Records to use =>
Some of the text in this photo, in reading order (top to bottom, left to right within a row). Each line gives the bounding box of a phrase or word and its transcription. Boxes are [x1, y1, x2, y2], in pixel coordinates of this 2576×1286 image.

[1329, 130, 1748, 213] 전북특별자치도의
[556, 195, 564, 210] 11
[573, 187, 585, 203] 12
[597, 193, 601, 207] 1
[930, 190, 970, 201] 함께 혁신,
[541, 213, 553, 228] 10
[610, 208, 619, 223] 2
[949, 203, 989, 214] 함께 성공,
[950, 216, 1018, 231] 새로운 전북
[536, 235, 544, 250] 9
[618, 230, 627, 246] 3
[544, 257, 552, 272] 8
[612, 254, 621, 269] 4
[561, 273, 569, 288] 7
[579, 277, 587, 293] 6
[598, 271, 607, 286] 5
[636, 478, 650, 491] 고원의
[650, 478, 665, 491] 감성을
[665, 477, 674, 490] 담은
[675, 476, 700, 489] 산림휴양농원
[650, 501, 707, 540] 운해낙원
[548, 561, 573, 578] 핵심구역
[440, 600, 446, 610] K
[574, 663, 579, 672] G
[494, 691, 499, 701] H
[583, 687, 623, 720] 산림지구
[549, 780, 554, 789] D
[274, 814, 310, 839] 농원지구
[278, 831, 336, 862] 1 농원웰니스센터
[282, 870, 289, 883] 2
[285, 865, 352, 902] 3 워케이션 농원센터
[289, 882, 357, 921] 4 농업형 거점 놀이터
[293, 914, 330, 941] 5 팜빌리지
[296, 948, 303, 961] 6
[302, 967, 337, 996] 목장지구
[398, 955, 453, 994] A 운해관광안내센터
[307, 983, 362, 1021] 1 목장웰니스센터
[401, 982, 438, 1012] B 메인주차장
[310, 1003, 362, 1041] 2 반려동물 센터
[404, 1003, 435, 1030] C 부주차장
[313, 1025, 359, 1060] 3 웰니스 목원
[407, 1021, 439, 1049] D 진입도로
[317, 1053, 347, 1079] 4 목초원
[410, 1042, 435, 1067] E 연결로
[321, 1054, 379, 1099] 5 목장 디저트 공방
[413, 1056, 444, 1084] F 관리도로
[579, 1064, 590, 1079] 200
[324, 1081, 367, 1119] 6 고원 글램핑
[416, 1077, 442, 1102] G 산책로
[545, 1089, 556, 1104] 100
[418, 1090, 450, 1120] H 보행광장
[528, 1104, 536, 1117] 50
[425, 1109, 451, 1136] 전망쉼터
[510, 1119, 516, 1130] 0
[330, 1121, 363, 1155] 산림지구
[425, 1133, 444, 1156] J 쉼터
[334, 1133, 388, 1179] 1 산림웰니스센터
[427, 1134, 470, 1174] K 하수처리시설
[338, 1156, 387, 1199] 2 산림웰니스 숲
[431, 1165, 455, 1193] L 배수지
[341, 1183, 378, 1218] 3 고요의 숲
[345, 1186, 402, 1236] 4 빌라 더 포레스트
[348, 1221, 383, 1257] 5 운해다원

Task requirements => The answer must be the full listing, written out word for word.

Solution =>
Some of the text in this photo, in reading order (top to bottom, left to right within a row). Each line gives the bounding box of a phrase or word and its transcription. Boxes are [x1, y1, x2, y2], in pixel coordinates of this 2576×1286 image.

[1329, 130, 1748, 213] 전북특별자치도의
[556, 195, 564, 210] 11
[573, 187, 585, 203] 12
[597, 193, 601, 207] 1
[930, 190, 970, 201] 함께 혁신,
[541, 213, 553, 228] 10
[610, 208, 619, 223] 2
[949, 203, 989, 214] 함께 성공,
[950, 216, 1018, 231] 새로운 전북
[536, 235, 544, 250] 9
[618, 230, 627, 246] 3
[544, 257, 552, 272] 8
[612, 254, 621, 269] 4
[561, 273, 569, 288] 7
[579, 277, 587, 293] 6
[598, 271, 607, 286] 5
[636, 478, 650, 491] 고원의
[650, 478, 665, 491] 감성을
[665, 477, 674, 490] 담은
[675, 476, 700, 489] 산림휴양농원
[650, 501, 707, 540] 운해낙원
[548, 561, 573, 578] 핵심구역
[440, 600, 446, 610] K
[574, 663, 579, 672] G
[494, 691, 499, 701] H
[583, 687, 623, 720] 산림지구
[549, 780, 554, 789] D
[274, 814, 310, 839] 농원지구
[278, 831, 336, 862] 1 농원웰니스센터
[282, 870, 289, 883] 2
[285, 865, 352, 902] 3 워케이션 농원센터
[289, 882, 357, 921] 4 농업형 거점 놀이터
[293, 914, 330, 941] 5 팜빌리지
[296, 948, 303, 961] 6
[302, 967, 337, 996] 목장지구
[398, 955, 453, 994] A 운해관광안내센터
[307, 983, 362, 1021] 1 목장웰니스센터
[401, 982, 438, 1012] B 메인주차장
[310, 1003, 362, 1041] 2 반려동물 센터
[404, 1003, 435, 1030] C 부주차장
[313, 1025, 359, 1060] 3 웰니스 목원
[407, 1021, 439, 1049] D 진입도로
[317, 1053, 347, 1079] 4 목초원
[410, 1042, 435, 1067] E 연결로
[321, 1054, 379, 1099] 5 목장 디저트 공방
[413, 1056, 444, 1084] F 관리도로
[579, 1064, 590, 1079] 200
[324, 1081, 367, 1119] 6 고원 글램핑
[416, 1077, 442, 1102] G 산책로
[545, 1089, 556, 1104] 100
[418, 1090, 450, 1120] H 보행광장
[528, 1104, 536, 1117] 50
[425, 1109, 451, 1136] 전망쉼터
[510, 1119, 516, 1130] 0
[330, 1121, 363, 1155] 산림지구
[425, 1133, 444, 1156] J 쉼터
[334, 1133, 388, 1179] 1 산림웰니스센터
[427, 1134, 470, 1174] K 하수처리시설
[338, 1156, 387, 1199] 2 산림웰니스 숲
[431, 1165, 455, 1193] L 배수지
[341, 1183, 378, 1218] 3 고요의 숲
[345, 1186, 402, 1236] 4 빌라 더 포레스트
[348, 1221, 383, 1257] 5 운해다원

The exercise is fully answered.